- _WORK ORDER_:
Every entry is to be copied exactly as written, and the pictures are to be skipped.
• • • •
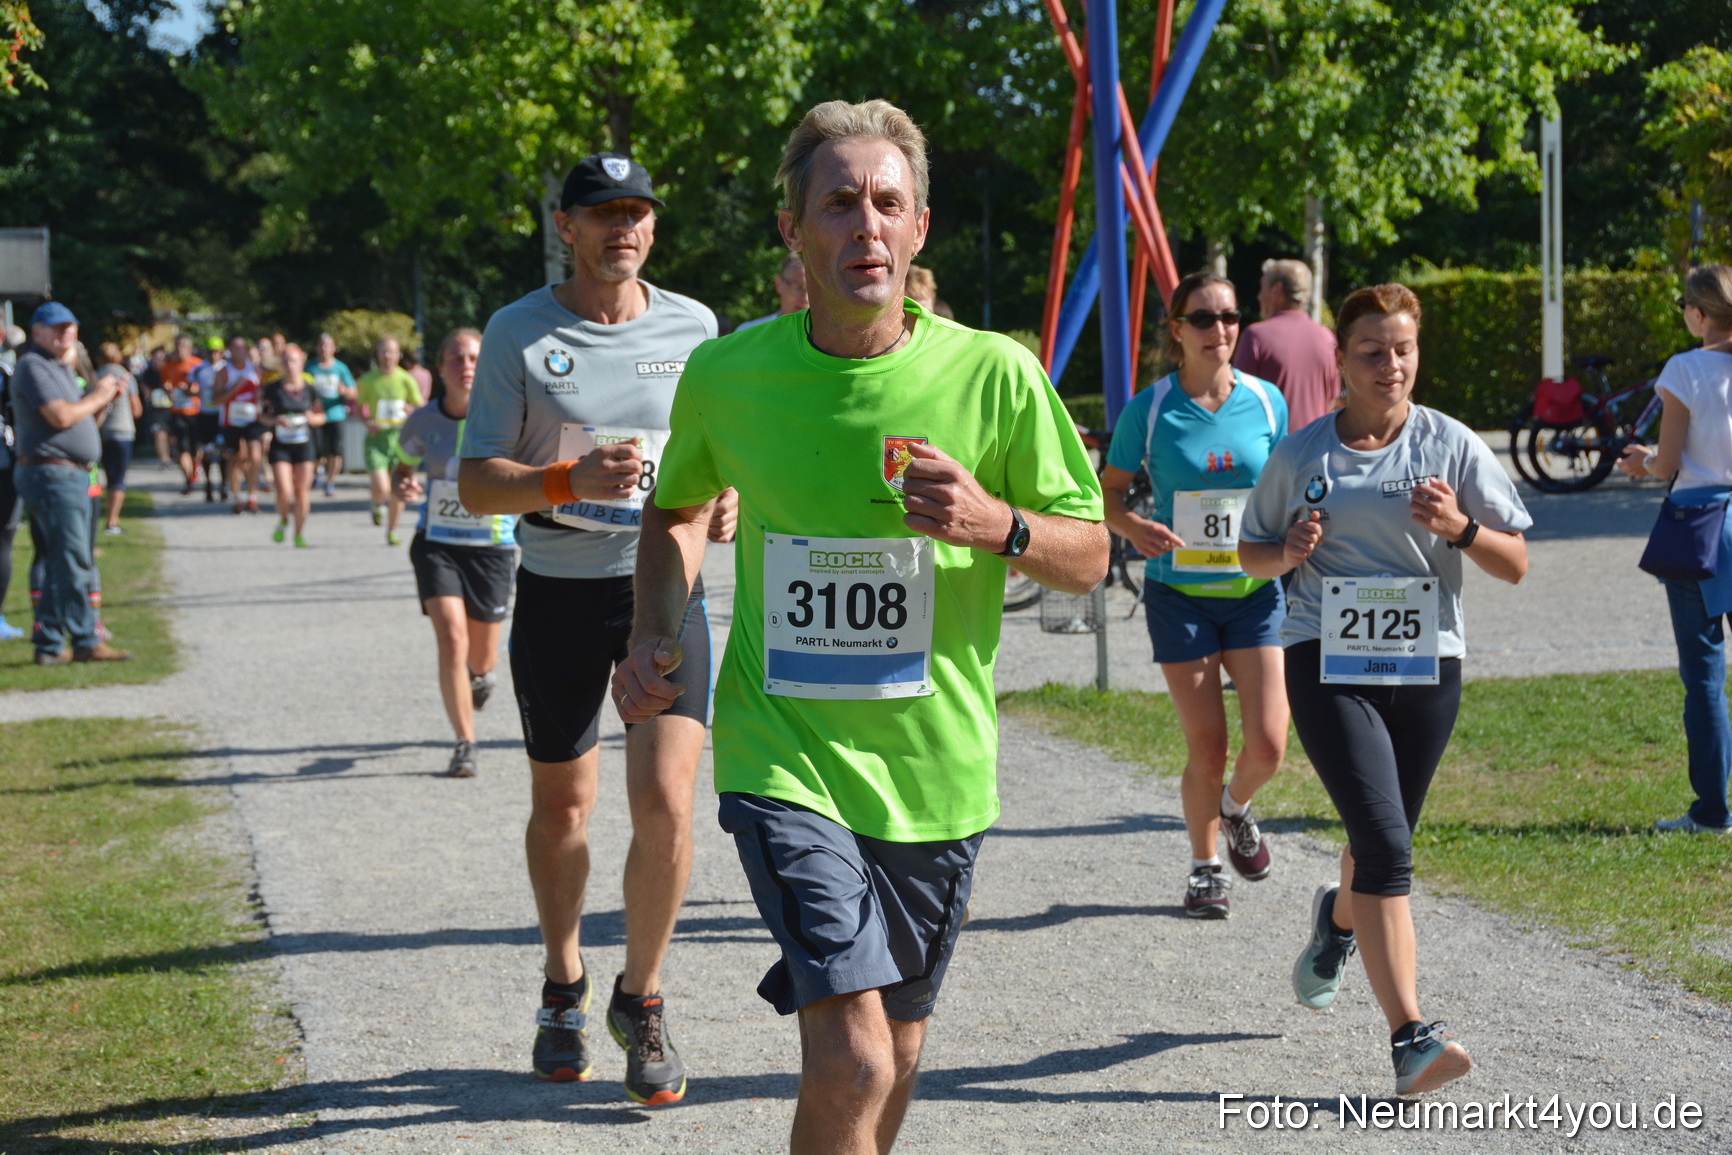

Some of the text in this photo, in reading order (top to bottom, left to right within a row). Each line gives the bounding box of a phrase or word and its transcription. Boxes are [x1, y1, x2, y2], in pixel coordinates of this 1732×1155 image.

[545, 381, 579, 389] PARTL
[1204, 513, 1231, 538] 81
[809, 550, 884, 568] BOCK
[1206, 552, 1231, 564] Julia
[1357, 588, 1408, 600] BOCK
[787, 580, 908, 630] 3108
[772, 615, 778, 624] D
[1340, 608, 1421, 640] 2125
[795, 636, 883, 648] PARTL Neumarkt
[1372, 644, 1406, 652] Neumarkt
[1364, 659, 1397, 673] Jana
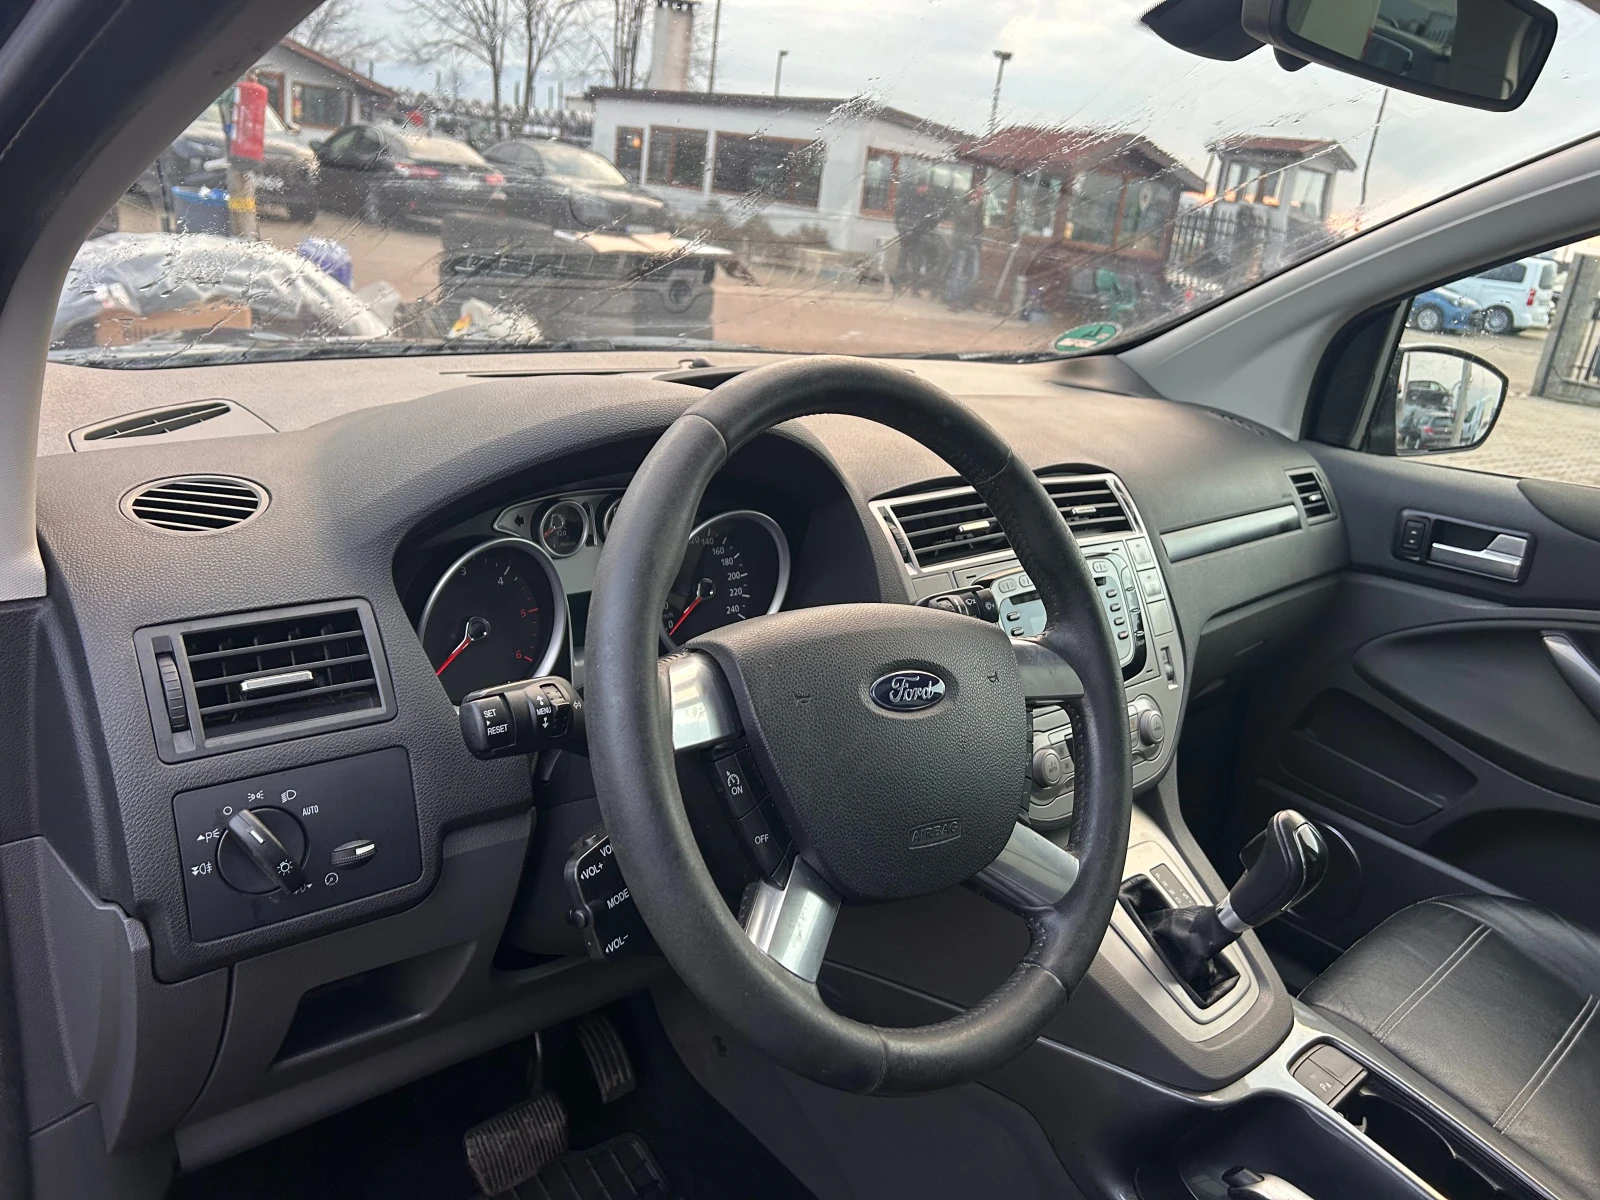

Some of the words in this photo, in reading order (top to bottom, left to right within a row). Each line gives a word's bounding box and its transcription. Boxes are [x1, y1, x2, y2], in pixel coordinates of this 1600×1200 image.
• • • •
- _TASK OUTPUT_:
Some of the text in this photo, in reading order (top to bottom, left to right within a row). Each line gives the bounding box of a phrase or word and its transcription. Boxes are [x1, y1, x2, y2], in pixel coordinates of this 1732×1155 image.

[545, 381, 579, 389] PARTL
[1204, 513, 1231, 538] 81
[809, 550, 884, 568] BOCK
[1206, 552, 1231, 564] Julia
[1357, 588, 1408, 600] BOCK
[787, 580, 908, 630] 3108
[772, 615, 778, 624] D
[1340, 608, 1421, 640] 2125
[795, 636, 883, 648] PARTL Neumarkt
[1372, 644, 1406, 652] Neumarkt
[1364, 659, 1397, 673] Jana

Some of the words in this photo, in reading order (top to bottom, left to right within a row). Each line gives a word's bounding box and its transcription. Boxes are [x1, y1, x2, y2], in pixel coordinates of this 1600×1200 image.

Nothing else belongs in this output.